Create a new code block called ‘Transform source data’. We need to add some datapoints to our data frame to help with partitioning efficiently so when our dataset grows as more pipeline executions occur; we minimize performance bottlenecks where possible. In this case, we also want to add the ADF pipeline run id to help with troubleshooting if there are data quality issues in the final destination.

import org.apache.spark.sql.SparkSession 

val pipelineRunIdSparkSession = SparkSession 
    .builder() 
    .appName("Pipeline Run Id Appender") 
    .getOrCreate() 

// Register the transformed DataFrame as a SQL temporary view 

explodedDf.createOrReplaceTempView("transformedDf") 

val transformedDf = spark.sql("""
SELECT DISTINCT 
timeGenerated,
userAction,
appUrl,
successFlag,
httpResultCode,
durationOfRequestMs,
clientType,
clientOS,
clientCity,
clientStateOrProvince,
clientCountryOrRegion,
clientBrowser,
appRoleName,
snapshotTimestamp,
'""" + paramPipelineRunId + """' AS pipelineRunId,
CAST(timeGenerated AS DATE) AS requestDate,
HOUR(timeGenerated) AS requestHour
FROM transformedDf""").toDF 

display(transformedDf)

Create a new code block called ‘Write transformed data to delta lake’. To keep track of history in our fact data, we can make use of the Delta Lake functionality in Azure Databricks. First we need to ensure that a database named logAnalyticsdb exists. Otherwise, the first line of code in the next block will create it for us. Whilst it’s not mandatory to use explicitly named databases in Databricks, it does make life much easier once there are many tables being saved.
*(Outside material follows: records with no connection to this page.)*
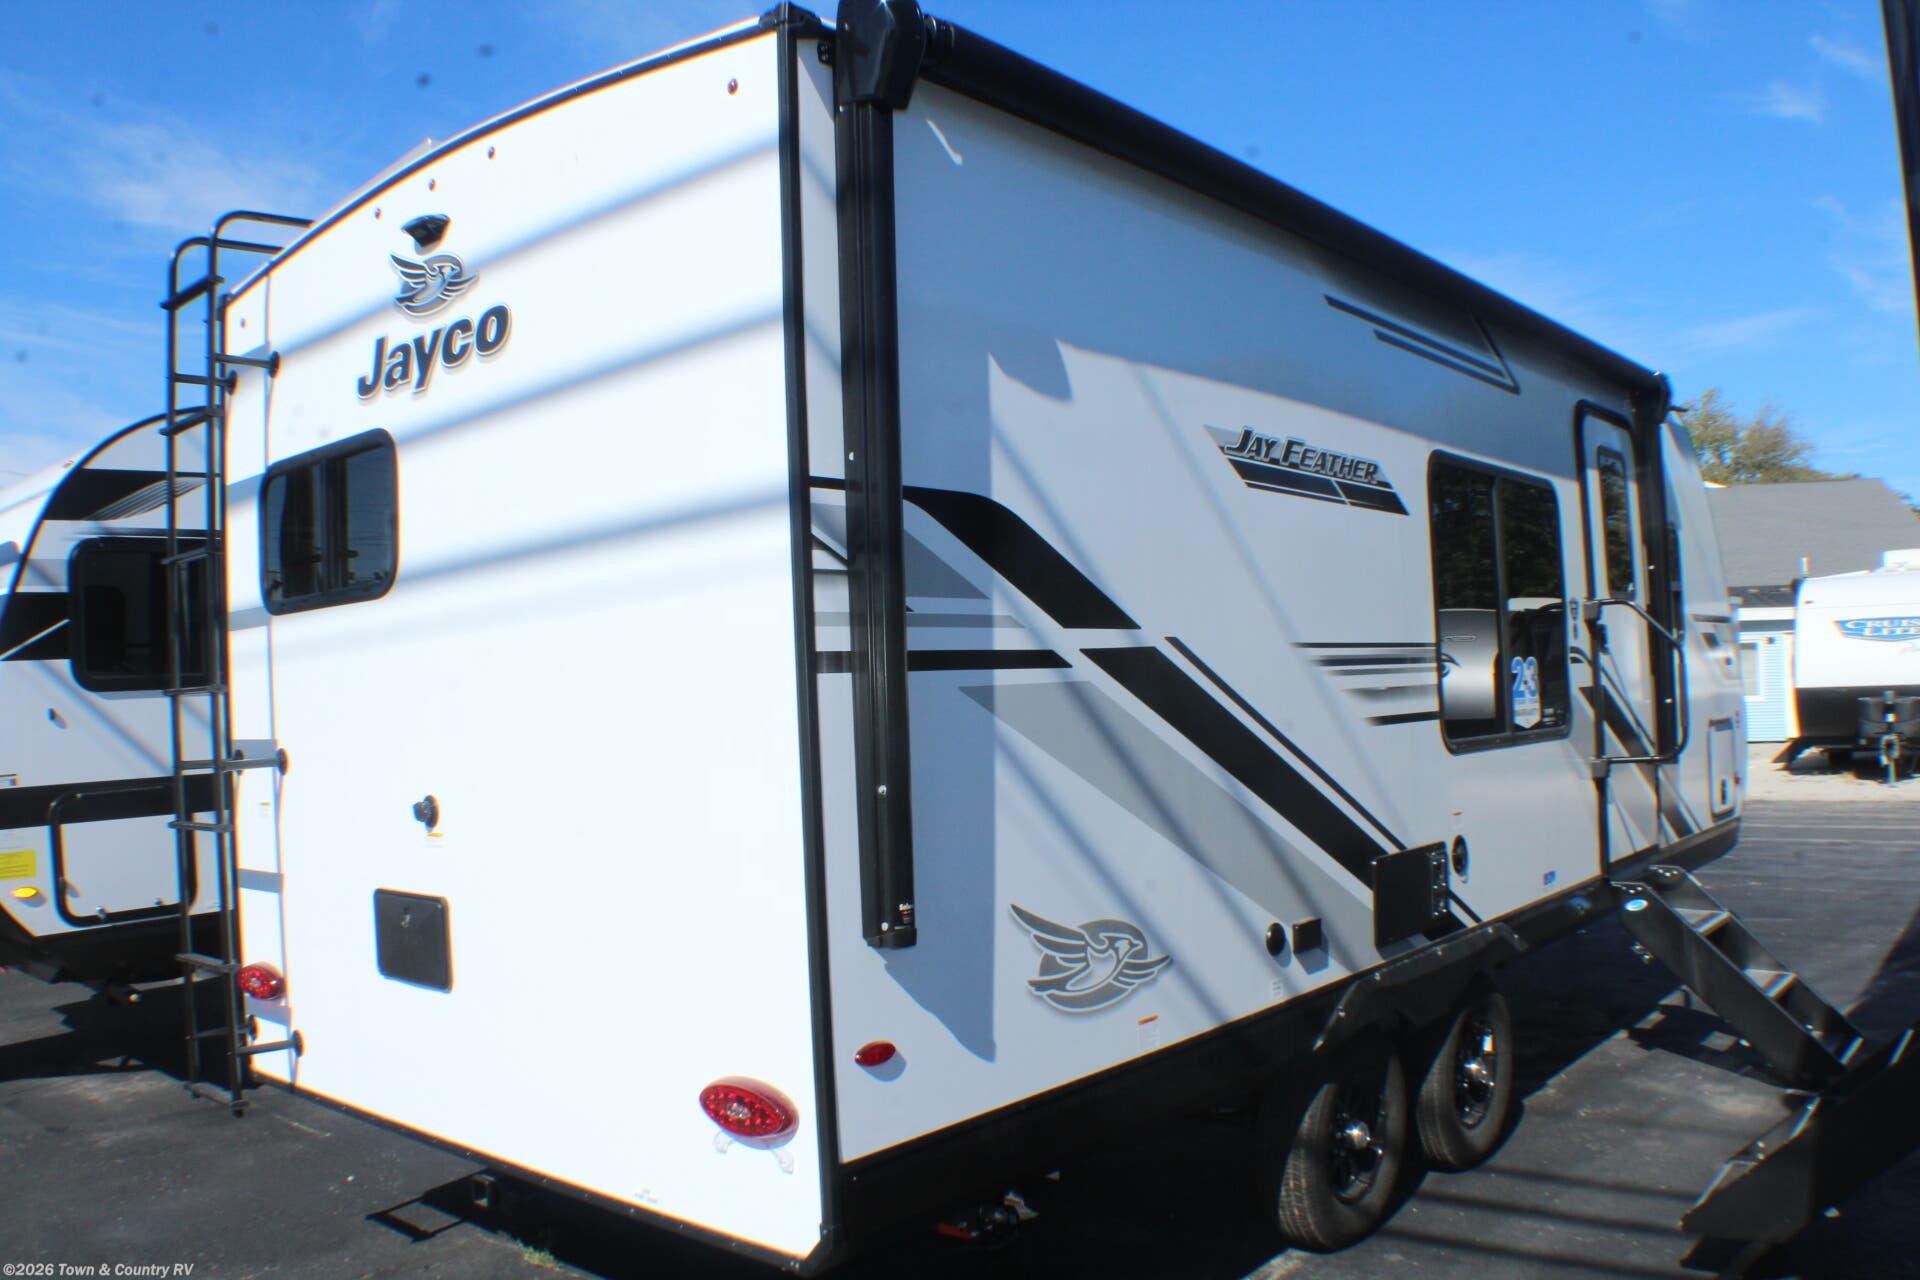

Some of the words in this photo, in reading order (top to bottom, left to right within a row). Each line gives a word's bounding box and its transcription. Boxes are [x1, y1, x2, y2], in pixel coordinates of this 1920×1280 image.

[357, 304, 511, 398] Jayco
[1225, 427, 1277, 461] JAY
[1280, 436, 1380, 483] FEATHER
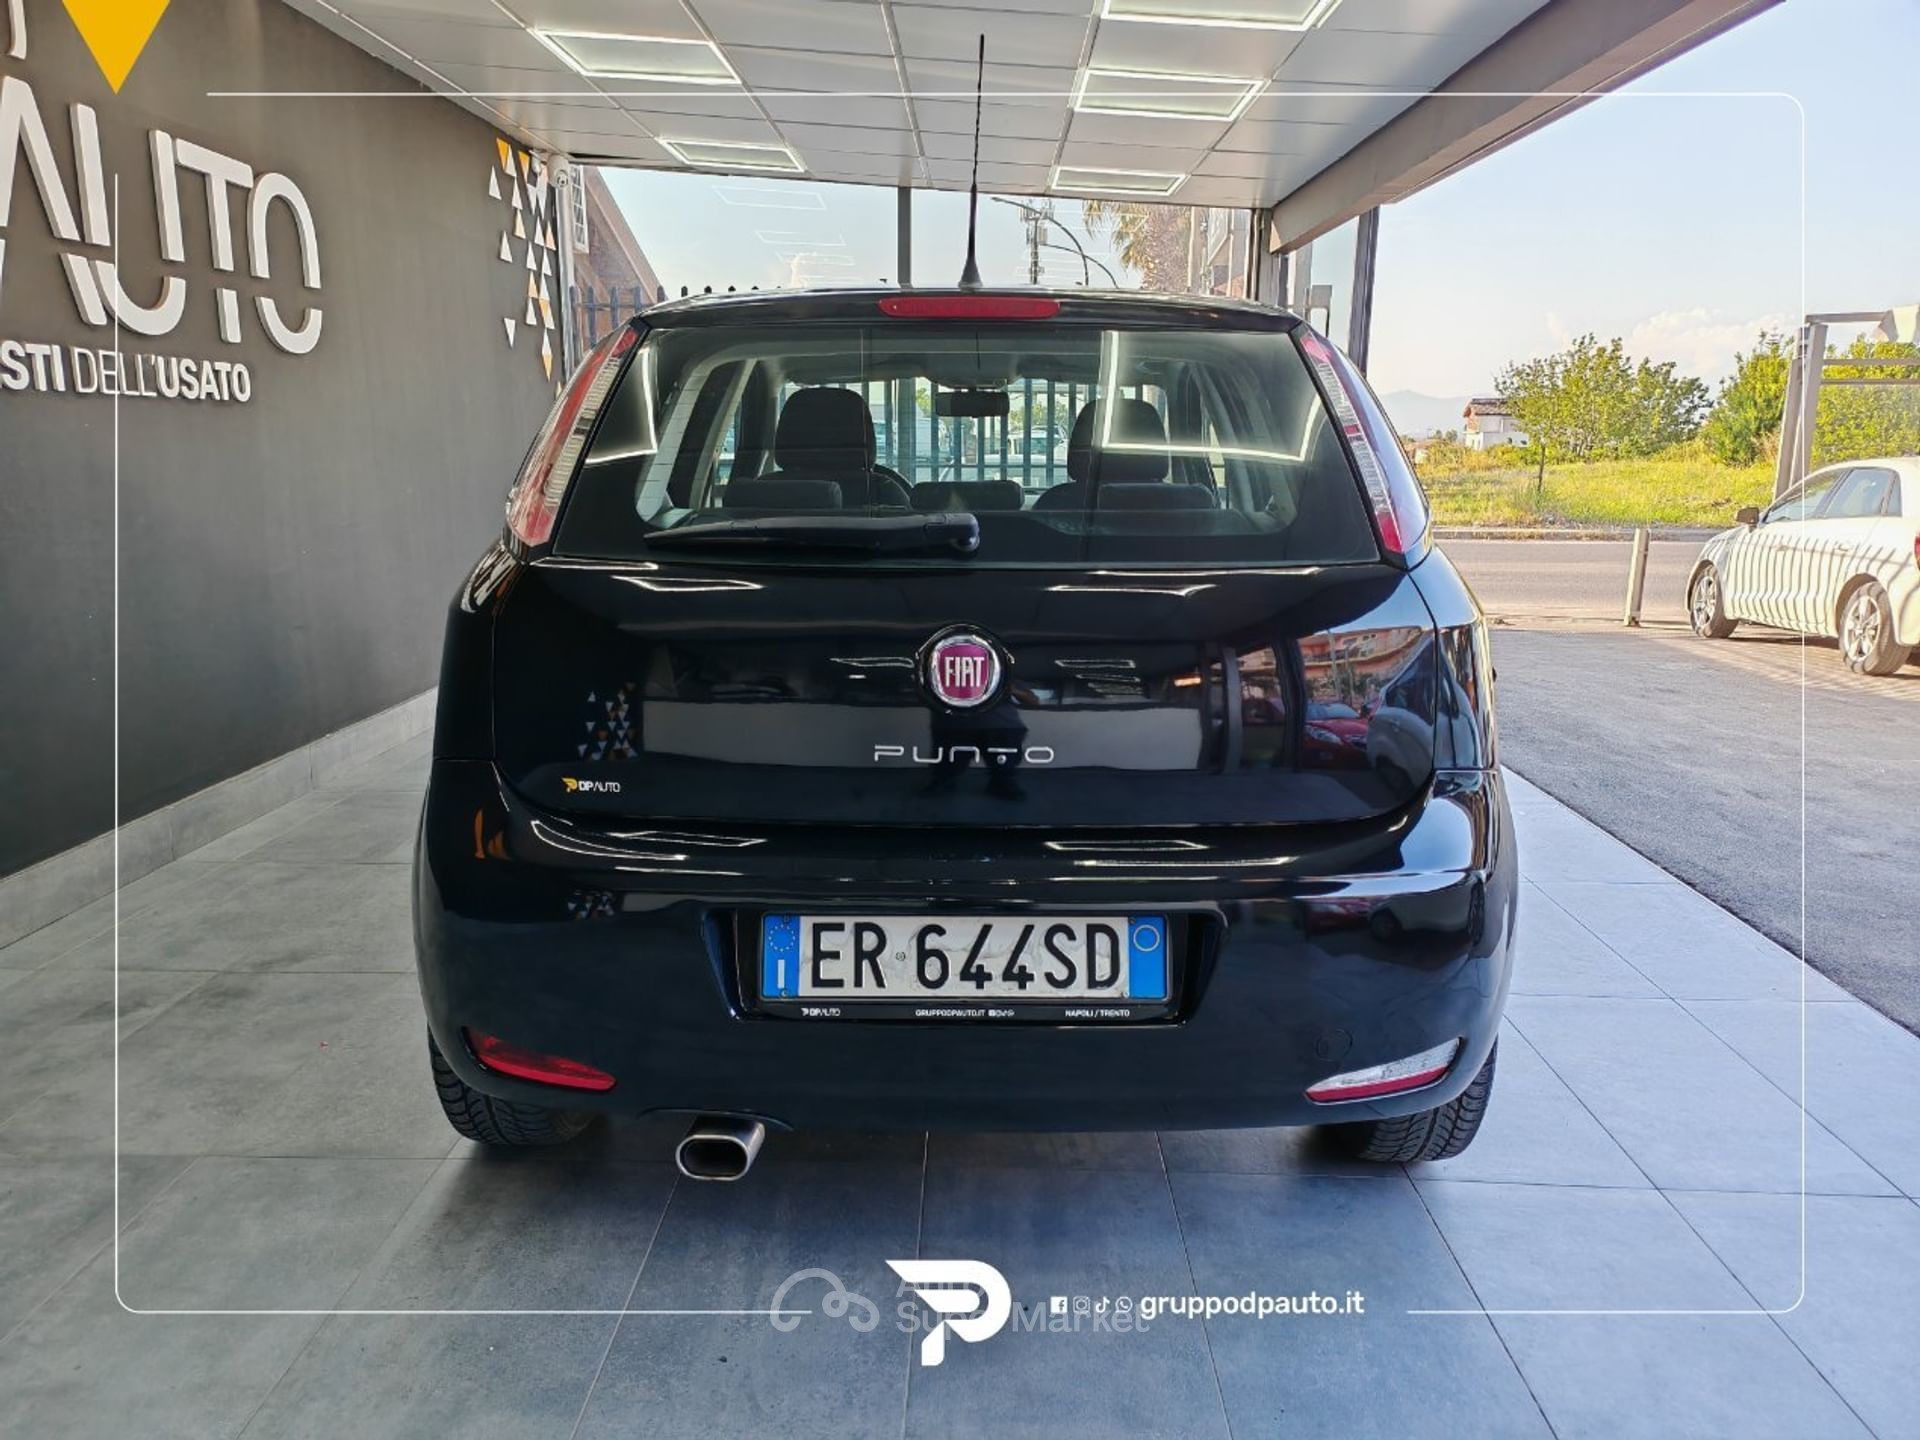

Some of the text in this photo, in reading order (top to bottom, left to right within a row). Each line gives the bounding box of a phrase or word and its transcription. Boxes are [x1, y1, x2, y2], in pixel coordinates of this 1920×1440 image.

[0, 340, 251, 402] STI DELL'USATO
[944, 656, 985, 688] FIAT
[873, 745, 1055, 764] PUNTO
[811, 922, 887, 988] ER
[915, 922, 1121, 990] 644SD
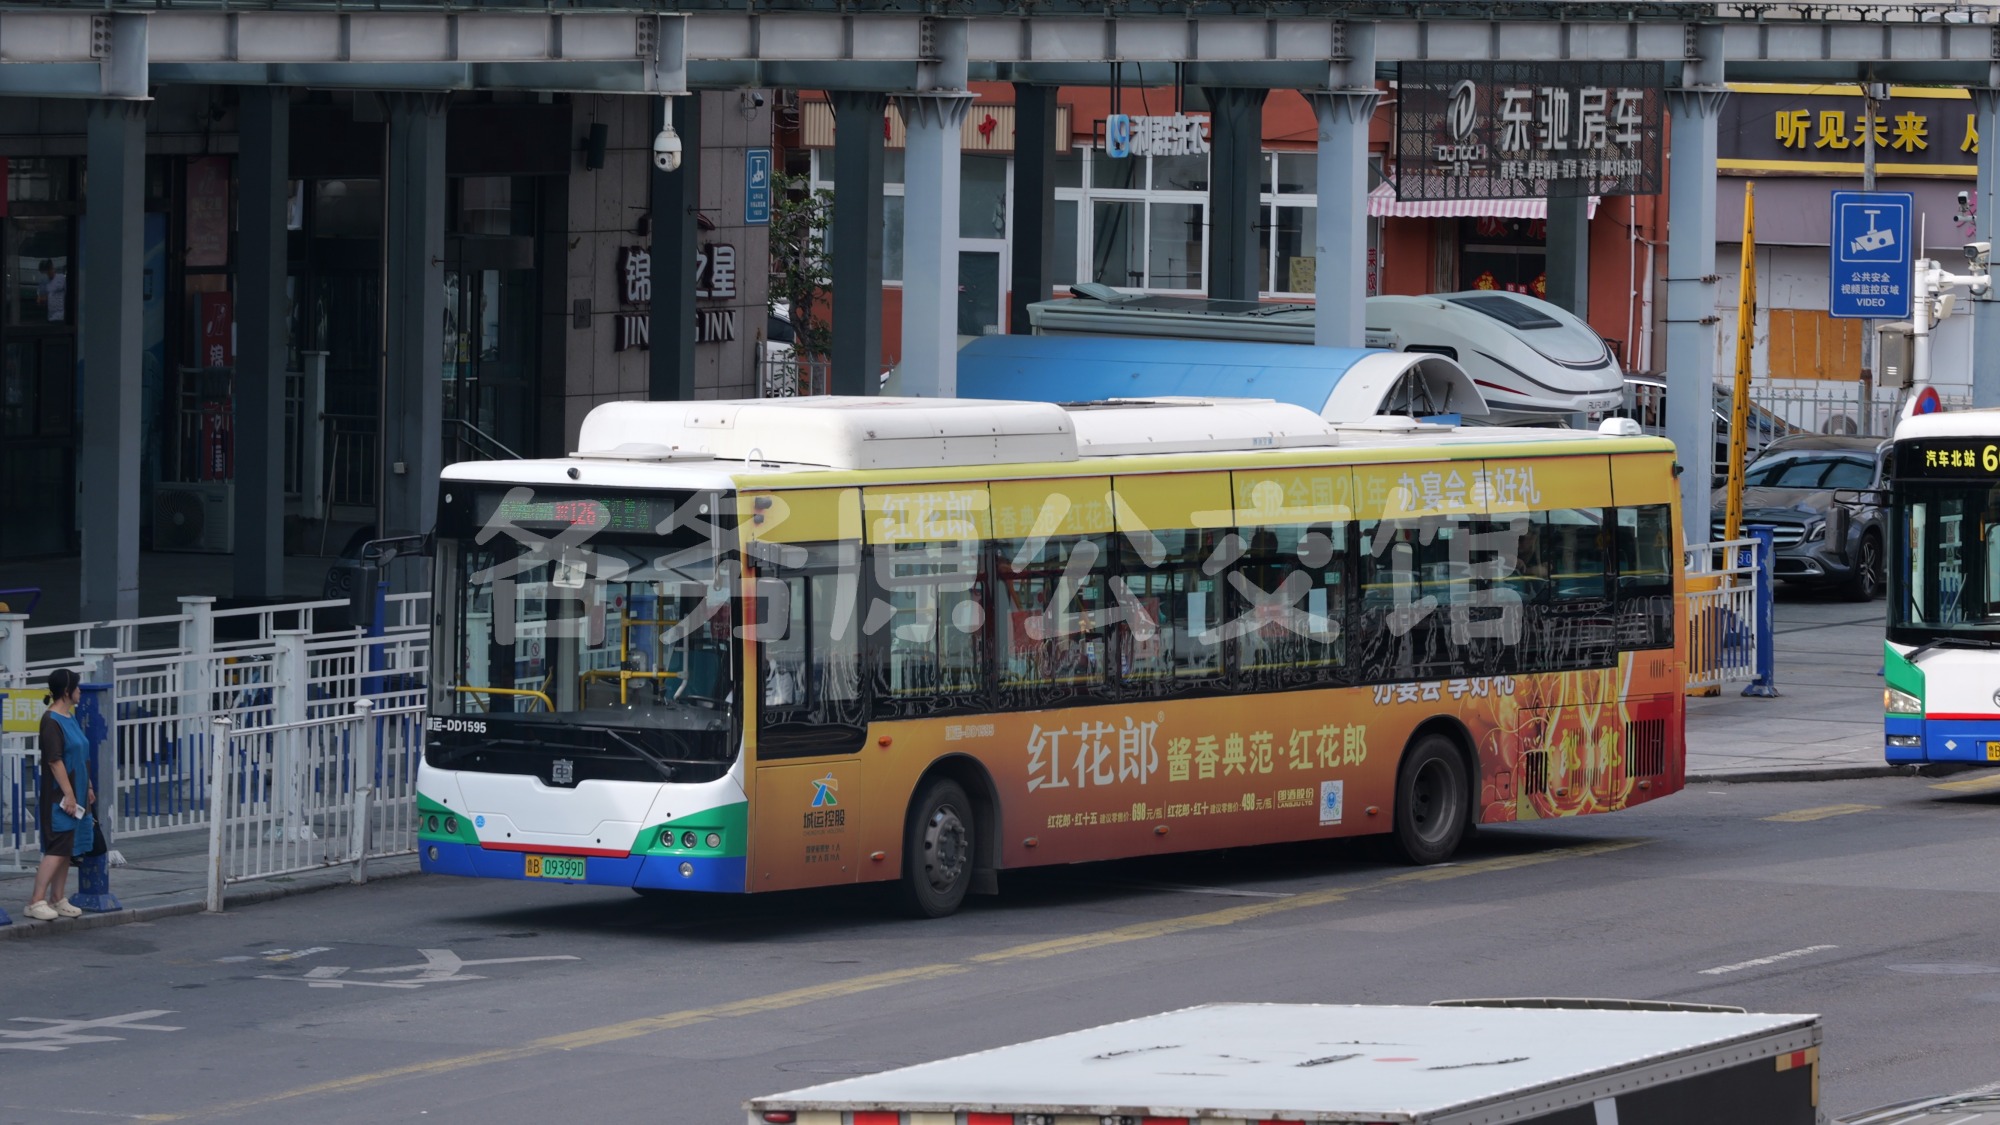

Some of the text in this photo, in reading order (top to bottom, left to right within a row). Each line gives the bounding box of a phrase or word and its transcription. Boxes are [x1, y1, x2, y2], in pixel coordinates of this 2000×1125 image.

[1129, 112, 1210, 155] 利群洗衣
[1501, 86, 1644, 151] 东驰房车
[1775, 108, 1929, 153] 听见未来
[1840, 283, 1900, 295] 视频监控区域
[1851, 271, 1890, 283] 公共安全
[1856, 297, 1886, 307] VIDEO
[1926, 444, 2000, 472] 汽车北站 6
[1397, 469, 1467, 512] 办宴会
[882, 492, 976, 541] 红花郎
[1027, 714, 1367, 793] 红花郎 酱香典范·红花郎
[802, 809, 846, 830] 城运控股
[544, 859, 584, 877] 09399D
This avoids the ‘default’ database becoming a cluttered mess. This is a similar approach to organising a Microsoft SQL Server database where you would want to categorize tables into different schemas e.g. raw, staging, final instead of having everything in the dbo schema.
```
import org.apache.spark.sql.SaveMode

display(spark.sql("CREATE DATABASE IF NOT EXISTS logAnalyticsdb")) 

transformedDf.write 
  .format("delta") 
  .mode("append") 
  .option("mergeSchema","true") 
  .partitionBy("requestDate", "requestHour") 
  .option("path", "/delta/logAnalytics/websiteLogs") 
  .saveAsTable("logAnalyticsdb.websitelogs") 

val transformedDfDelta = spark.read.format("delta") 
  .load("/delta/logAnalytics/websiteLogs") 

display(transformedDfDelta)
```
Create a new code block called ‘Remove stale data, optimize and vacuum delta table’. In order to control the size of the delta lake table, we must carry out the following steps. Firstly, delete any records older than 7 days. Then ‘optimize’ the table by performing a ZORDER function on the snapshotTimestamp column and condensing the data into as few parquet files as possible to improve query performance. Finally, we run a vacuum on it to ensure that only the required parquet files are kept. In this case, we want to keep 7 days worth of data. The syntax for the vacuum command expects the parameter expressed in hours. In our case, we are happy with the default setting of 7 days/168 hours so no parameter required in this case. Afterwards, we will show the delta history
```
import io.delta.tables._

display(spark.sql("""
DELETE 
FROM logAnalyticsdb.websitelogs 
WHERE requestDate < DATE_ADD(CURRENT_TIMESTAMP, -7)
"""))

display(spark.sql("""
OPTIMIZE logAnalyticsdb.websitelogs 
ZORDER BY (snapshotTimestamp)
"""))

val deltaTable = DeltaTable.forPath(spark, "/delta/logAnalytics/websiteLogs")
deltaTable.vacuum()

display(spark.sql("DESCRIBE HISTORY logAnalyticsdb.websitelogs"))
```

Create a new code block called ‘Create data frame for output file’. Now select the required datapoints from the delta lake table we’ll need for the output

import org.apache.spark.sql.SparkSession 

val outputFileSparkSession = SparkSession 
.builder() 
.appName("Output File Generator") 
.getOrCreate() 

val outputDf = spark.sql("""
SELECT DISTINCT 
timeGenerated,
userAction,
appUrl,
successFlag,
httpResultCode,
durationOfRequestMs,
clientType,
clientOS,
clientCity,
clientStateOrProvince,
clientCountryOrRegion,
clientBrowser,
appRoleName,
requestDate,
requestHour,
pipelineRunId
FROM logAnalyticsdb.websitelogs
WHERE pipelineRunId = '""" + paramPipelineRunId + """' 
"""
)
display(outputDf)

Create a new code block called ‘Create output file in data lake’. Let’s save this output to our data lake

import org.apache.spark.sql.functions._

val currentDateTimeLong = current_timestamp().expr.eval().toString.toLong
val currentDateTime = new java.sql.Timestamp(currentDateTimeLong/1000).toLocalDateTime.format(java.time.format.DateTimeFormatter.ofPattern(dateTimeFormat))
val outputSessionFolderPath = ("appLogs_" + currentDateTime)
val fullOutputPath = (dataLake + outputFolderPath + outputSessionFolderPath)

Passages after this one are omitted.